#### [What is expected]
Output all records exactly, with no images.

#### [Spatial localization data]
==================================================

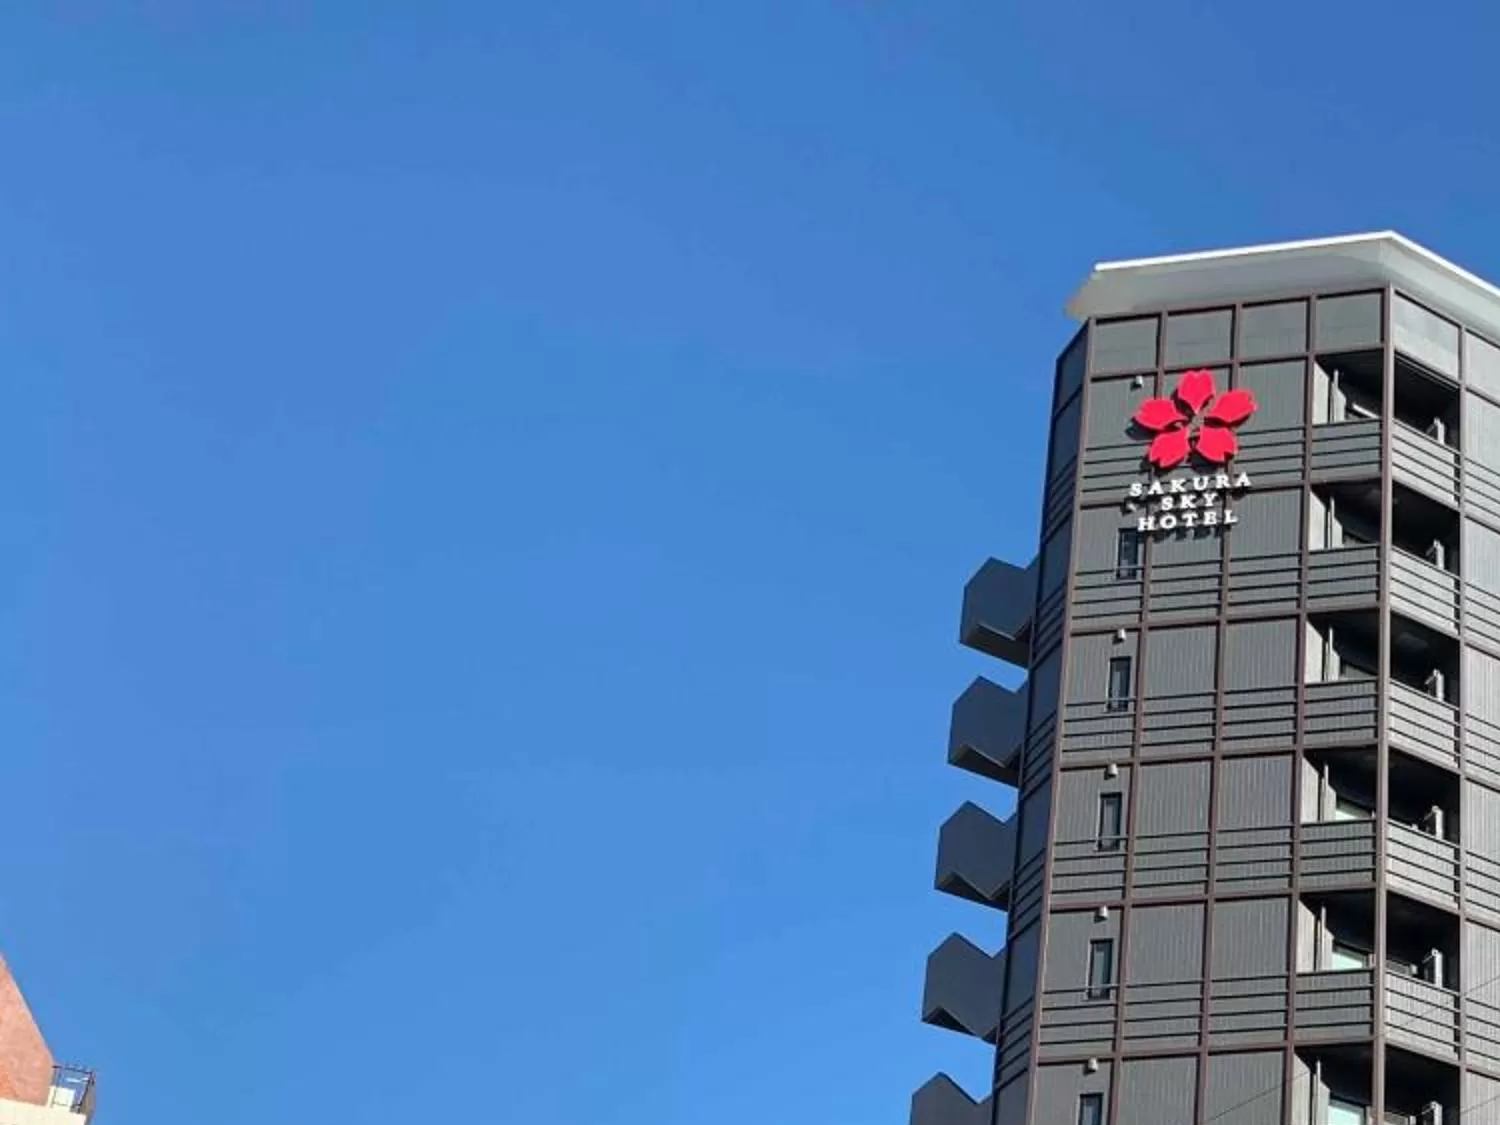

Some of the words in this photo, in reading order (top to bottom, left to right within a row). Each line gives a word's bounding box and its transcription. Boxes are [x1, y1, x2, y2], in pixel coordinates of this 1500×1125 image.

[1129, 472, 1251, 497] SAKURA
[1161, 493, 1218, 511] SKY
[1138, 510, 1238, 531] HOTEL
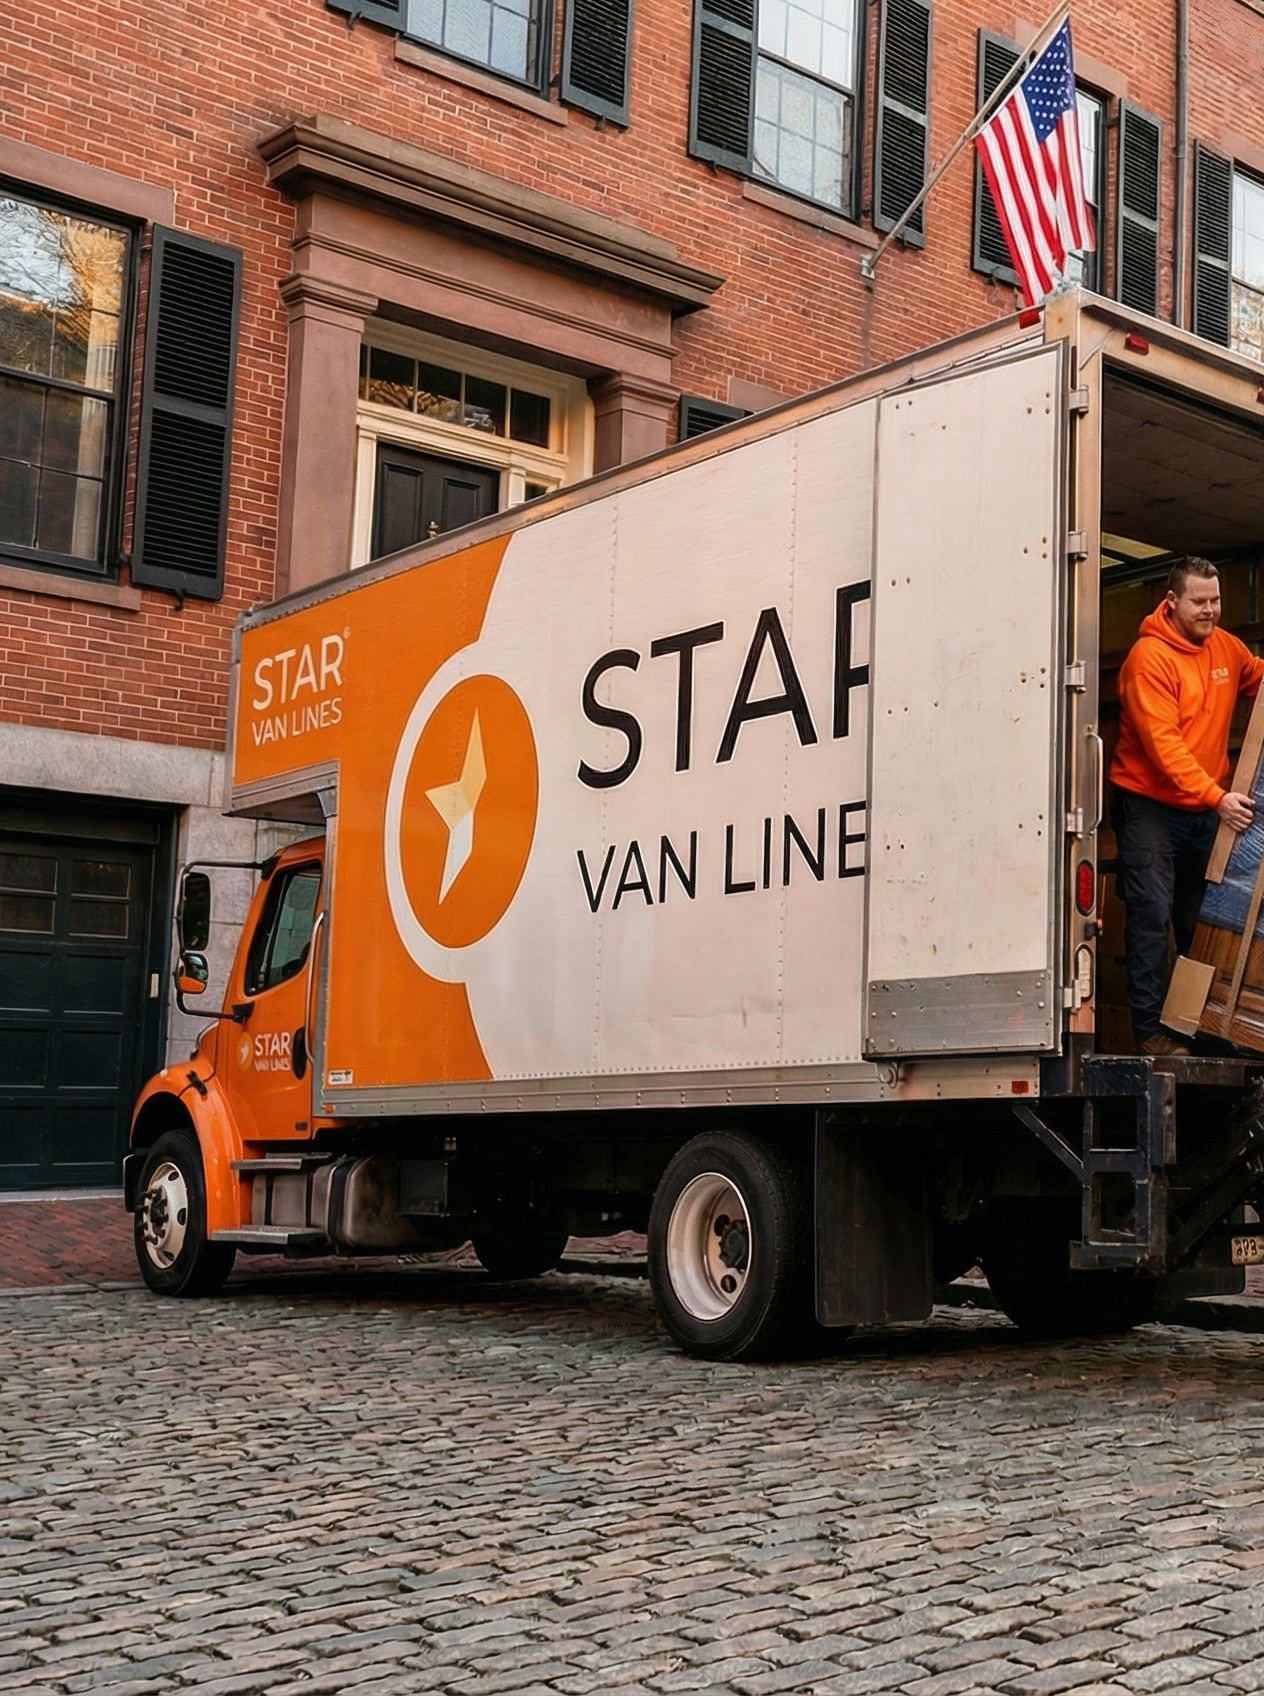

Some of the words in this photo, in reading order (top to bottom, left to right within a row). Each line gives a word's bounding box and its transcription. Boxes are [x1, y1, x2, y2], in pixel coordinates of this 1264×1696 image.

[252, 634, 343, 711] STAR
[252, 713, 287, 747] VAN
[291, 697, 342, 736] LINES
[576, 830, 698, 913] VAN
[254, 1031, 292, 1057] STAR
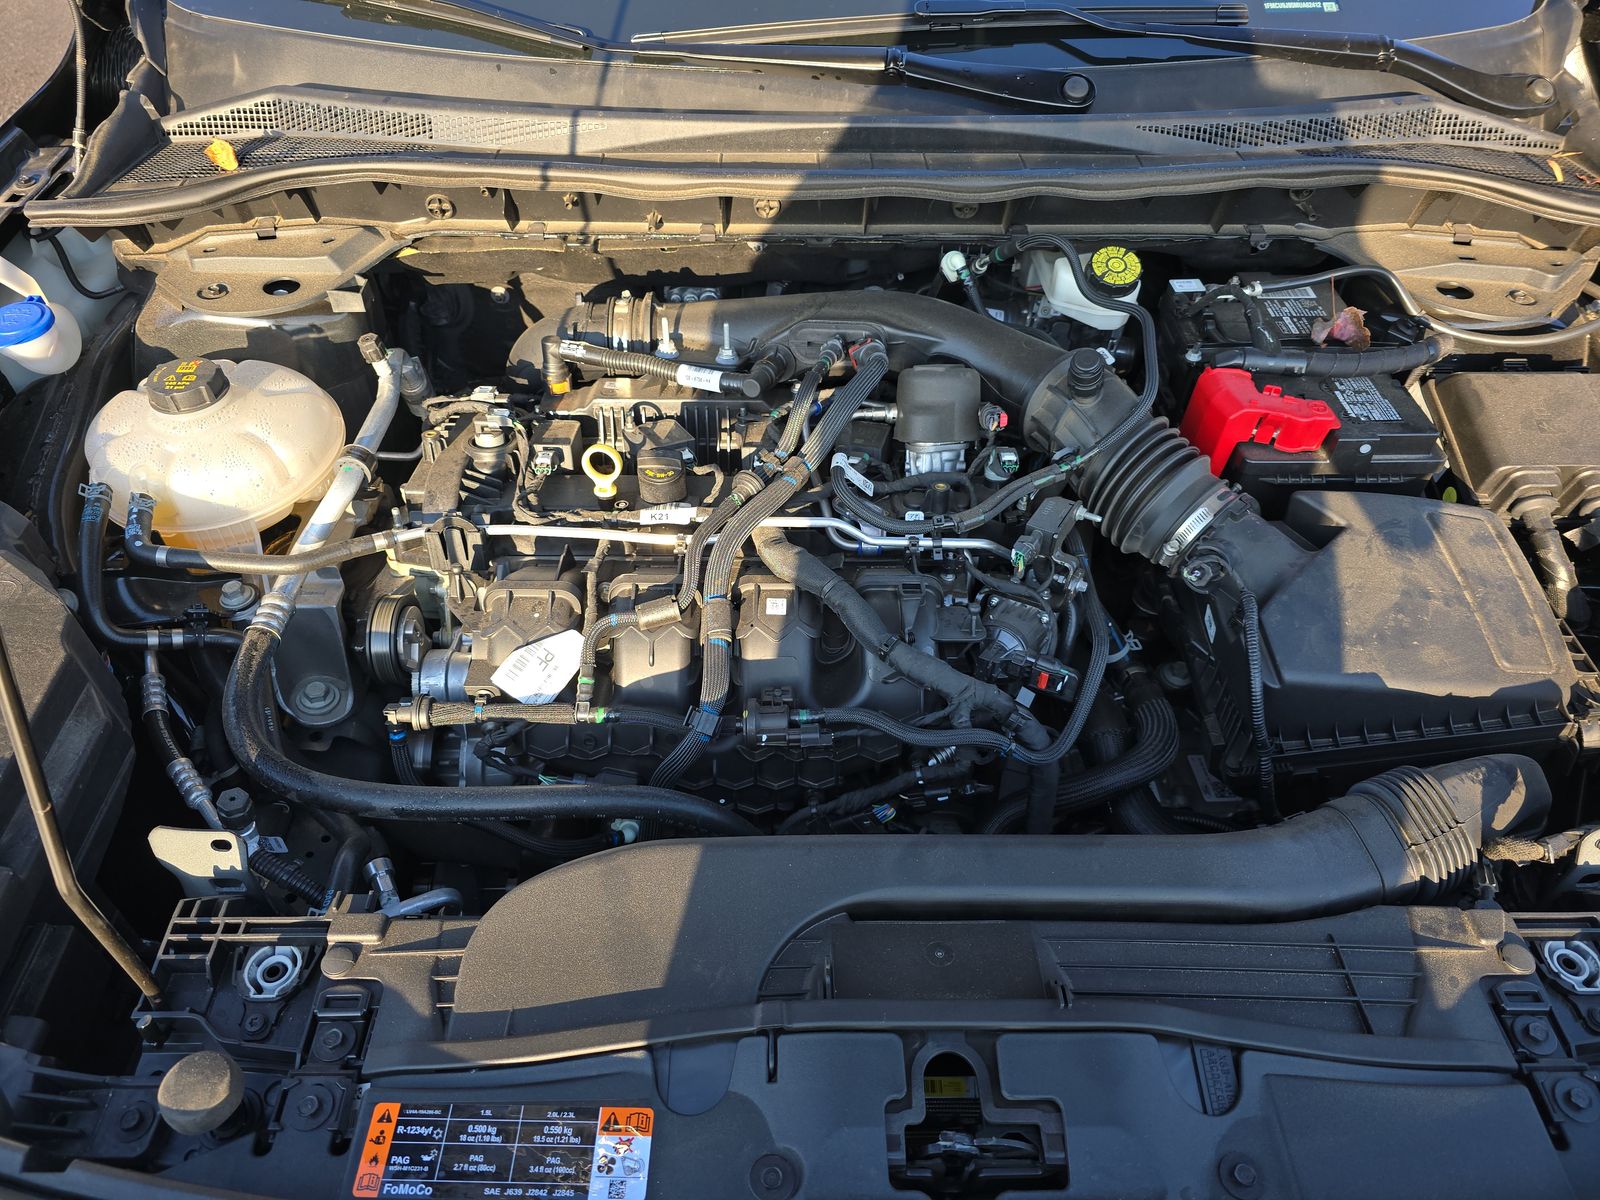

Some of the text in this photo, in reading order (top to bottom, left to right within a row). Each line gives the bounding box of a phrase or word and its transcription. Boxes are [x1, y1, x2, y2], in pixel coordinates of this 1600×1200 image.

[650, 513, 669, 521] K21
[536, 647, 556, 673] PF
[396, 1125, 433, 1136] R-1234yf
[467, 1124, 497, 1135] 0.500 kg
[543, 1126, 573, 1136] 0.550 kg
[490, 1134, 503, 1143] lbs)
[554, 1136, 569, 1144] (1.21
[569, 1136, 581, 1144] lbs)
[390, 1155, 410, 1164] PAG
[469, 1154, 484, 1162] PAG
[453, 1163, 464, 1171] 2.7
[528, 1165, 539, 1173] 3.4
[382, 1183, 433, 1195] FoMoCo
[484, 1187, 575, 1197] SAE J639 J2842 J2845

==================================================

#### [The completed task]
Some of the words in this photo, in reading order (top to bottom, left to right within a row). Each line gives a word's bounding box and its transcription. Boxes are [x1, y1, x2, y2], in pixel coordinates of this 1500×1125 image.

[1129, 472, 1251, 497] SAKURA
[1161, 493, 1218, 511] SKY
[1138, 510, 1238, 531] HOTEL

Some of the words in this photo, in reading order (top to bottom, left to right within a row). Each line gives a word's bounding box and its transcription. Boxes are [x1, y1, x2, y2], in pixel coordinates of this 1264×1696 image.

[252, 634, 343, 711] STAR
[252, 713, 287, 747] VAN
[291, 697, 342, 736] LINES
[576, 830, 698, 913] VAN
[254, 1031, 292, 1057] STAR

Some of the text in this photo, in reading order (top to bottom, left to right within a row). Each line gives the bounding box of a phrase or word and its transcription. Boxes are [x1, y1, x2, y2], in pixel coordinates of this 1600×1200 image.

[650, 513, 669, 521] K21
[536, 647, 556, 673] PF
[396, 1125, 433, 1136] R-1234yf
[467, 1124, 497, 1135] 0.500 kg
[543, 1126, 573, 1136] 0.550 kg
[490, 1134, 503, 1143] lbs)
[554, 1136, 569, 1144] (1.21
[569, 1136, 581, 1144] lbs)
[390, 1155, 410, 1164] PAG
[469, 1154, 484, 1162] PAG
[453, 1163, 464, 1171] 2.7
[528, 1165, 539, 1173] 3.4
[382, 1183, 433, 1195] FoMoCo
[484, 1187, 575, 1197] SAE J639 J2842 J2845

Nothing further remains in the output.